Critiques

Churchill : Dans les yeux du vieux lion

A quelques jours du 72ème anniversaire du débarquement, "Churchill" nous replonge dans les moments les plus sombres de notre histoire. Non pas à travers les combats ensanglantés du débarquement, mais bien à travers les yeux du Prime Minister.

Jonathan Teplitzki délivre un portrait touchant et poignant du personnage de Winston Churchill, interprété avec précision par le vieux briscard Brian Cox. "Churchill" met en scène avec sobriété et élégance un Winston en pleins doutes à 48h de l'opération Overlord, la plus grande opération amphibie et militaire jamais menée dans l'histoire Humaine. 

D'emblée, le spectateur fait la connaissance du vieux lion au travers de ses souvenirs, qui le hantent depuis la Grande Guerre.
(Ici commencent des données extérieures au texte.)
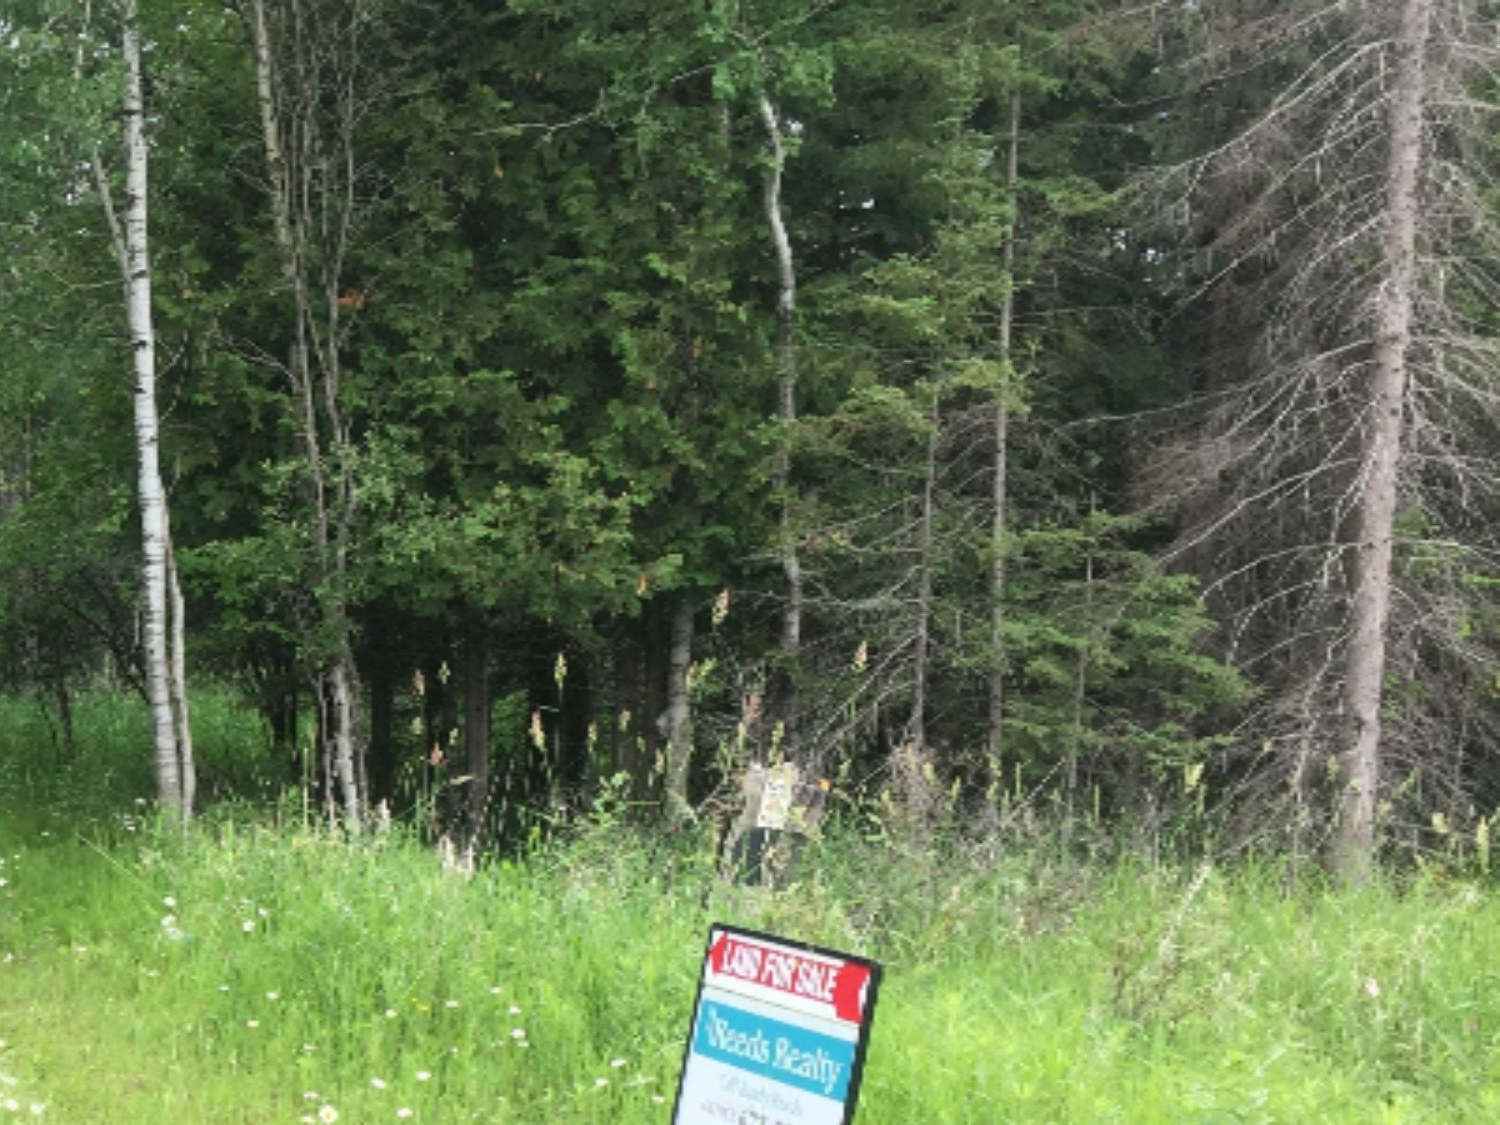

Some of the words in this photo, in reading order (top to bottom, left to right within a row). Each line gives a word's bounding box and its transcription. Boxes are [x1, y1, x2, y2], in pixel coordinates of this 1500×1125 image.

[721, 939, 762, 981] LAND
[760, 951, 797, 993] FOR
[794, 959, 838, 1003] SALE
[772, 1036, 844, 1095] Realty
Très durement affecté par le désastre de l'opération menée à Gallipoli en 1915, Churchill est bien décidé à ce qu'un drame ne se reproduise plus. Avec son caractère de mule, souvent mis en exergue par sa femme (et qui fera surement rire le spectateur), Winston Churchill va essayer par tous les moyens d'empêcher le lancement du débarquement, qu'il pense finir en désastre.

Dès les premiers instants, le spectateur est mis dans le vif du sujet : la rencontre entre Churchill et le reste du commandement des forces alliées dirigé par Eisenhower et Montgomery tourne à l'impasse. L'opération est planifiée mais Winston s'entête à s'y opposer…
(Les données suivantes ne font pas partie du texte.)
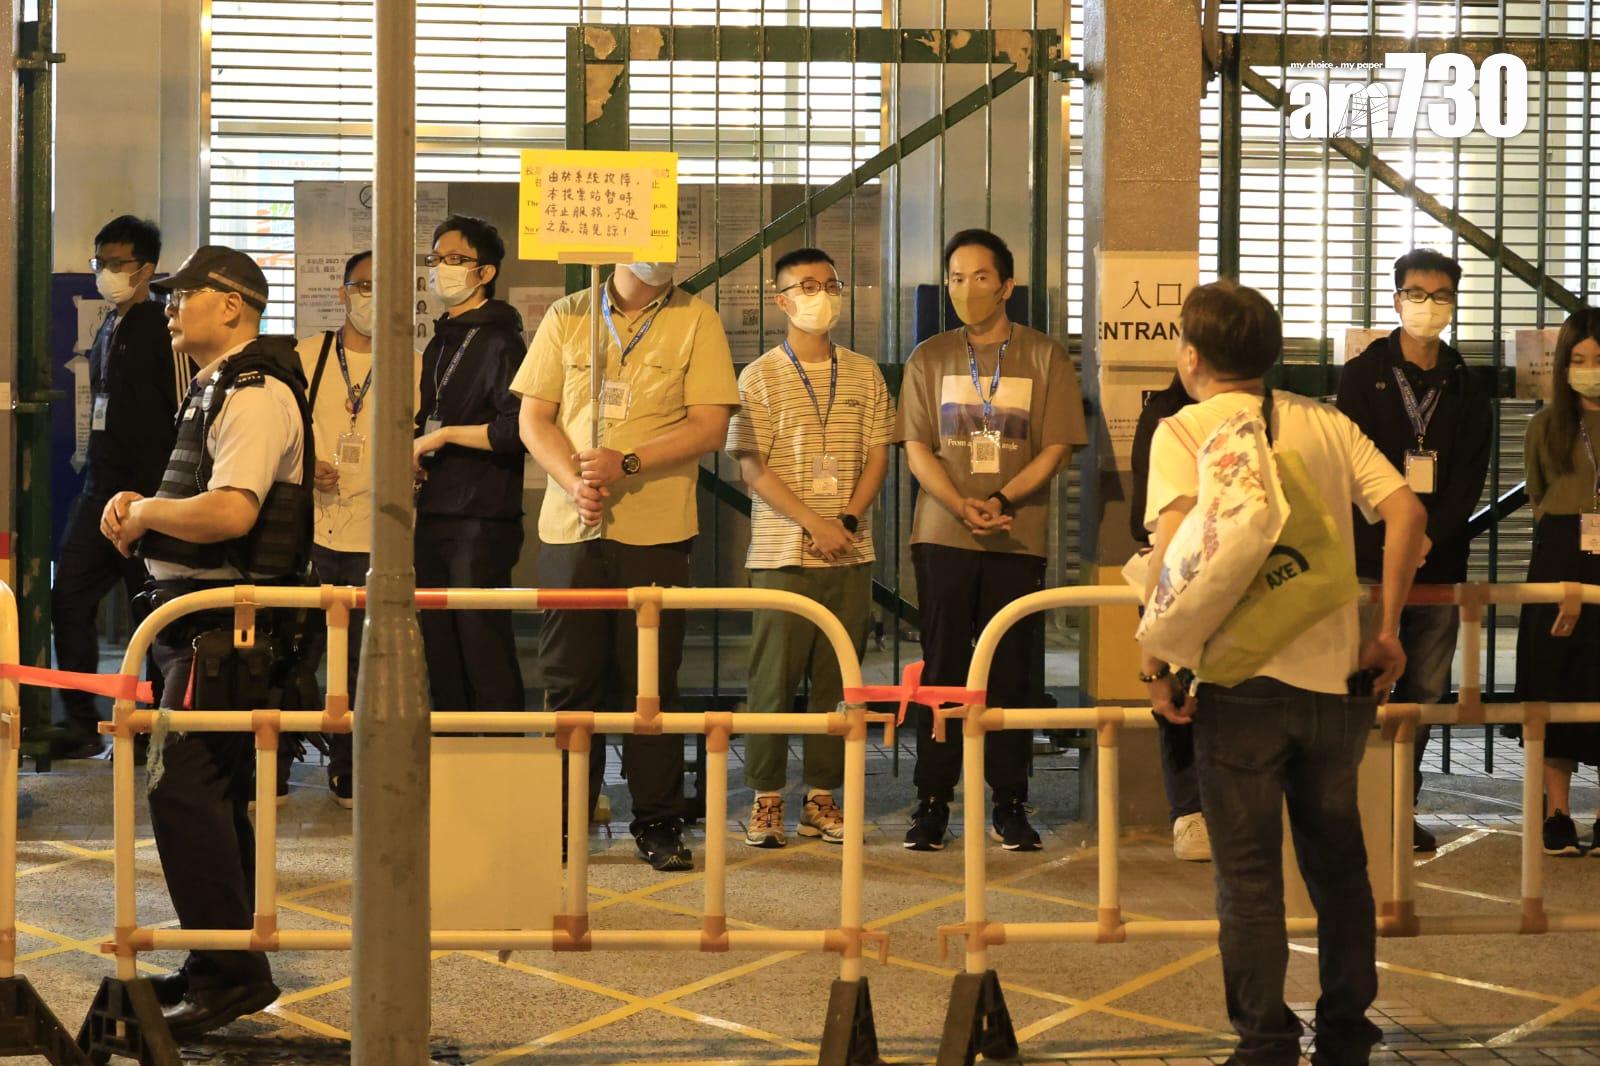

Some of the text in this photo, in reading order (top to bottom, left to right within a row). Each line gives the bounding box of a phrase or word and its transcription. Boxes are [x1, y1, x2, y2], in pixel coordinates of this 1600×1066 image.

Au travers des allés et retours entre le 10 downing street et la campagne anglaise où sont cachées les troupes alliés, nous sommes plongés dans l'intimité du vieil homme. Sa relation avec sa femme et première supportrice, Clementine, interprétée avec justesse par Miranda Richardson, son patriotisme et son attachement pour les jeunes soldats qui partent au front, mais surtout sa détermination sont dépeint de manière habile tout au long du film. 

Nous sommes face à un jeu de ping-pong incessant entre Churchill et le haut-commandement allié, où le premier cité va sans cesse vouloir exposer son plan et se faire une place parmi les acteurs de l'Opération Overlord. Mis à l'écart à plusieurs reprises, on comprend la peine et le désarroi du vieux lion de ne pas pouvoir participer à la (future) délivrance de l'Europe du joug Nazi, lui ce guerrier dans l'âme, et ancien meneur d'homme, doit alors être cantonné à l'arrière.

"Churchill" met alors en scène, une autre facette de l'homme politique sans pour autant oublier le côté symbolique du personnage pendant le second conflit mondial. C'est un symbole d'espoir et de lumière dans ce chaos et lui seul peut préserver le moral des britanniques dans ces heures chaotiques. Brian Cox retranscrit bien à l'écran l'importante qu'à Churchill pour le Royaume-Uni.

Alors bien sûr, "Churchill" peut nous faire grincer des dents, avec des scènes clichés et des dialogues plus ou moins prévisibles, mais le tout reste mené avec justesse et un casting fidèle aux personnages qu'ils incarnaient.

A un peu plus d'un mois de la sortie de "Dunkerque", "Churchill" nous replonge dans une autre facette de la Seconde Guerre mondiale. Et c'est un bon V de la victoire pour le film de Jonathan Teplitzki.